Piketty still writes clearly, though without much imaginative verve, and he has obviously consulted a lot of data. He is intelligent, knowledgeable, and decent, with a very firm grasp of unreality. He believes in a world in which economic levers act frictionlessly, or to borrow the description a doctor of my acquaintance has used with regard to his own medico-legal reports: “You turn the handle and the sausage comes out.”

There is no difference in his world between investment and expenditure. Thus, when he correctly ascribes low productivity in Britain to the low educational level of the general population (such that, in a predominantly service economy, much of it is unable even to answer the telephone properly or with reasonable courtesy), he ascribes it to lack of expenditure on education.
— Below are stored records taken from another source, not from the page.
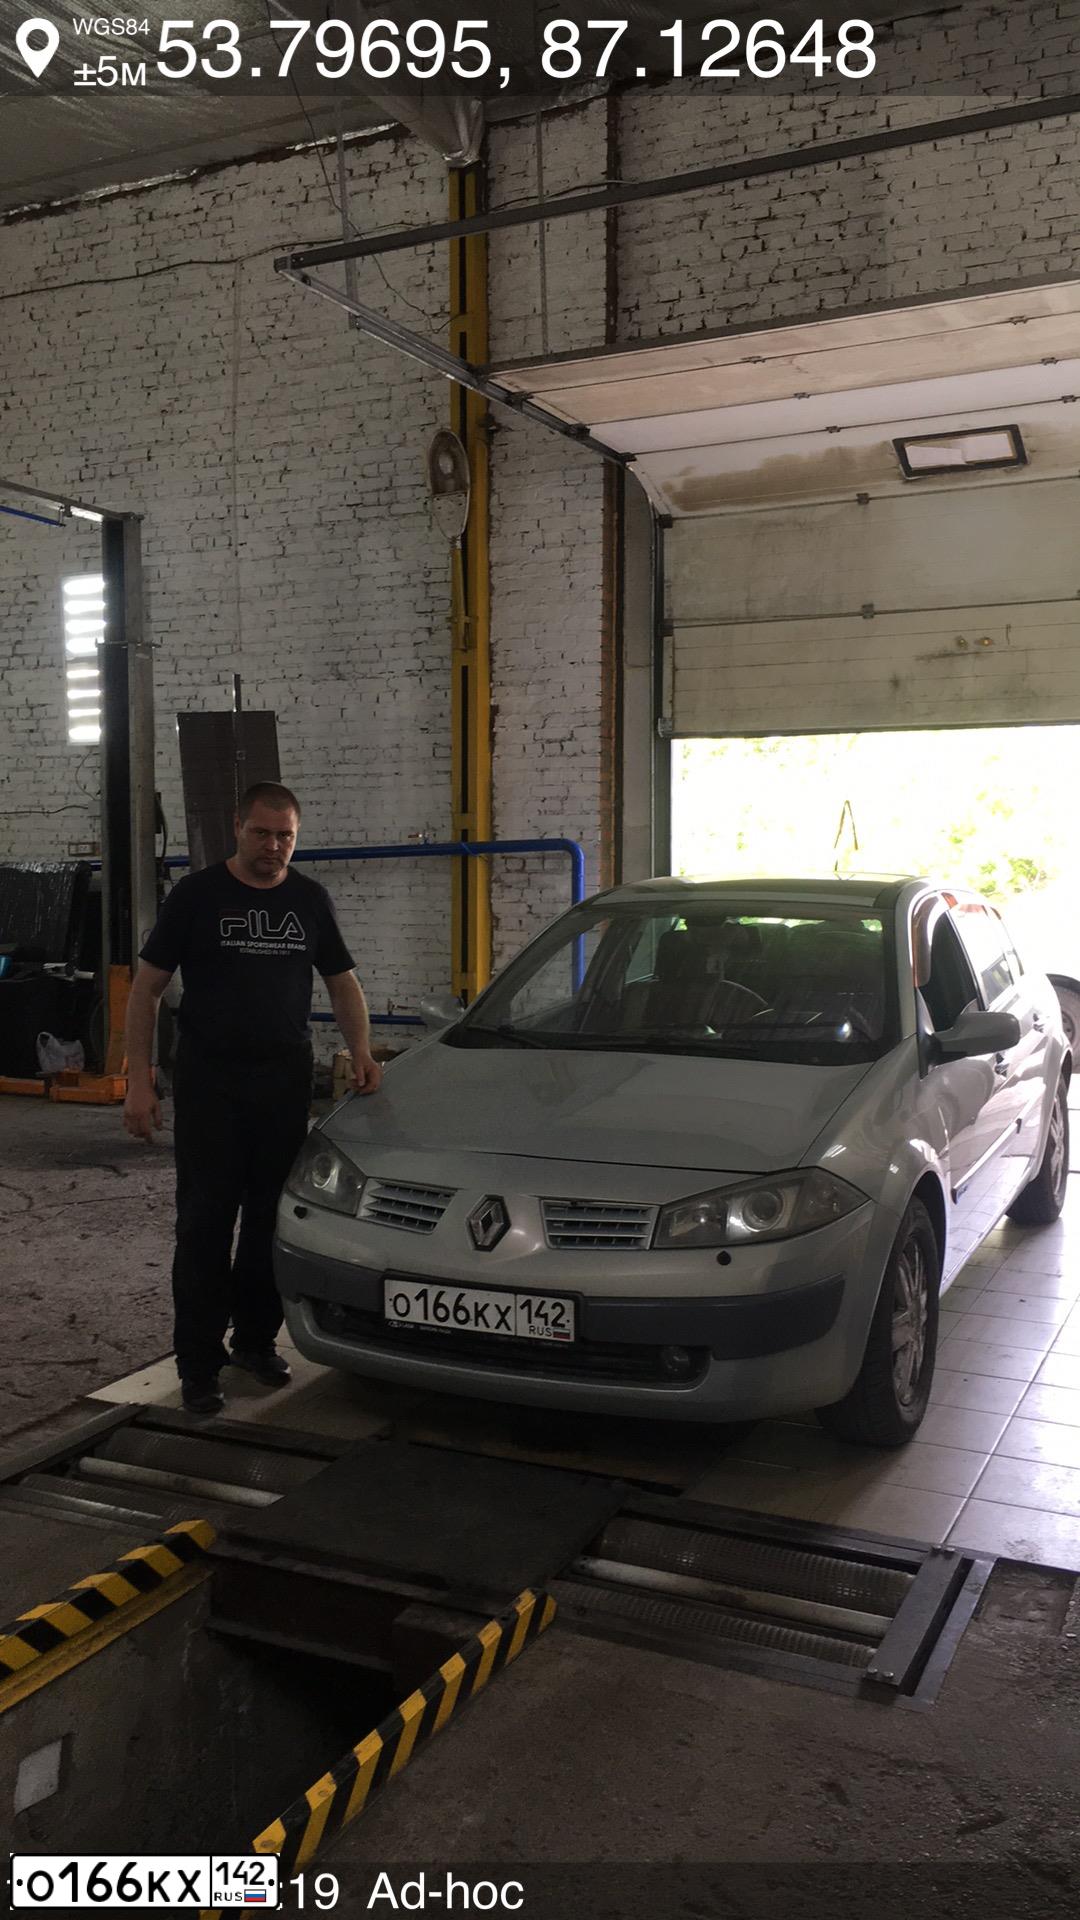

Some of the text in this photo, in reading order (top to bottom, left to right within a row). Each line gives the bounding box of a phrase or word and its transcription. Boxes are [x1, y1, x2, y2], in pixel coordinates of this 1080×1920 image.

[220, 910, 305, 941] FILA
[519, 1298, 566, 1328] 142
[528, 1325, 553, 1338] RUS
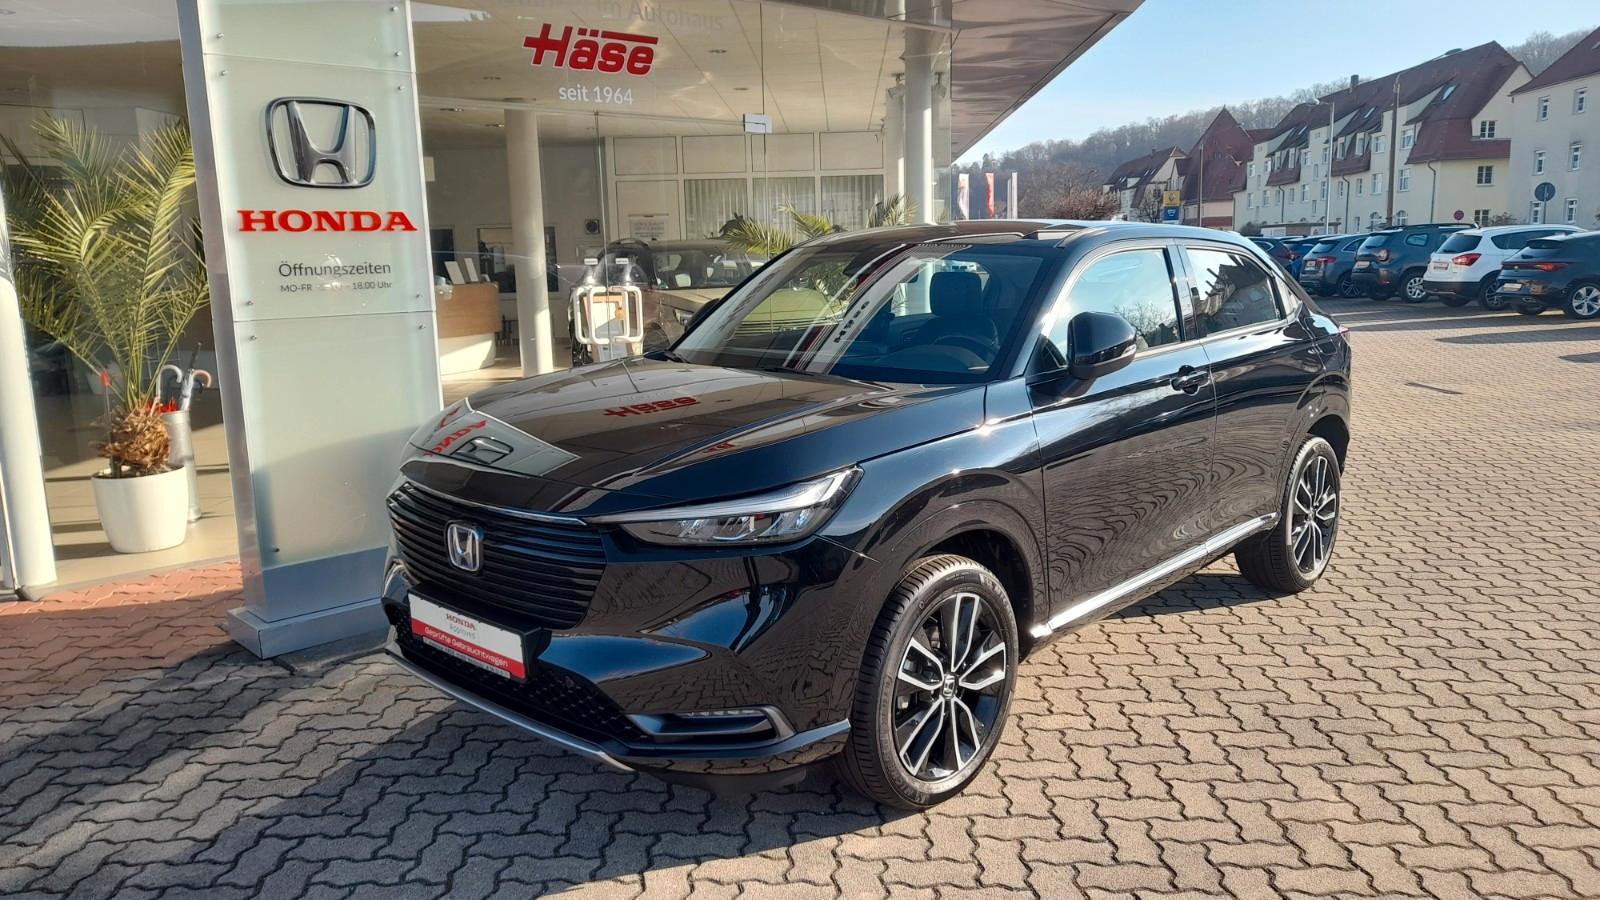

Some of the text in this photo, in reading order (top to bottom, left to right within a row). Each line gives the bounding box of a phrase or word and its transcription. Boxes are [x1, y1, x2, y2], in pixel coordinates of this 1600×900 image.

[522, 22, 659, 76] Häse
[558, 84, 634, 105] seit 1964
[236, 209, 418, 233] HONDA
[278, 260, 392, 279] Öffnungszeiten
[280, 283, 313, 293] MO-FR
[377, 281, 392, 289] Uhr
[445, 613, 477, 631] HONDA
If only this were the case! But lack of expenditure cannot possibly explain why about a fifth of children leave school barely literate. Incidentally, France seems to be progressing, if that is quite the word, in this direction.

We read that “Research in the social sciences, of which economics is an integral part, whatever some may think, is and always will be hesitant and imperfect. It is not designed to produce ready-made certainties … we have to examine patiently to endeavour to draw some provisional and uncertain lessons.” Amen to that! But modesty or tentativeness is not Professor Piketty’s main characteristic, nor does prudence once enter into his proposals.

There is no awareness that deterioration is possible as well as improvement, or of the fragility of things. Nothing counts for him but equality. He is to taxation policy what Le Corbusier was to architecture: he wants to prescribe (and proscribe) for the whole world. Above all, no variation! He would tell us how much we may possess, how much we may leave to our descendants or receive from our ancestors, how much we may earn in a year.

As an egalitarian and firm anti-nationalist, he does not explain why redistribution should stop at national borders. But try telling the average Frenchman that from now on he must forgo half his wealth in order to raise up Somalia or South Sudan! The book sometimes reads as if it were written by an electoral propagandist for Éric Zemmour, acting as an agent provocateur.

Uniformity is for him the price of unity (his countryman, Frédéric Bastiat, did not make the same mistake). He has little regard for, or even awareness of, the potential political consequences of some of his proposals. In his European Assembly, for example, which would have real power (unlike the current European Parliament), France, Spain, and Italy could and probably would outvote Germany with regard to economic policy. It does not occur to him that there could be few better ways of arousing dormant German nationalism than this. Nothing is certain, but much is possible; and while he mentions the internationalism of Jean-Luc Mélanchon, the left-wing French politician, he might also have mentioned that M. Mélenchon wrote a book about Germany and Germans that could easily have been written by a patriotic Frenchman in 1916.

Piketty is a strong believer in taxes as tools to make people more equal, and objects to the elimination of the wealth tax by the French government recently. Were he given the power, he would not only re-implement it, but vastly expand the taxes demanded of the wealthy.

[…] To all this, Professor Piketty has one sovereign remedy: tax the rich.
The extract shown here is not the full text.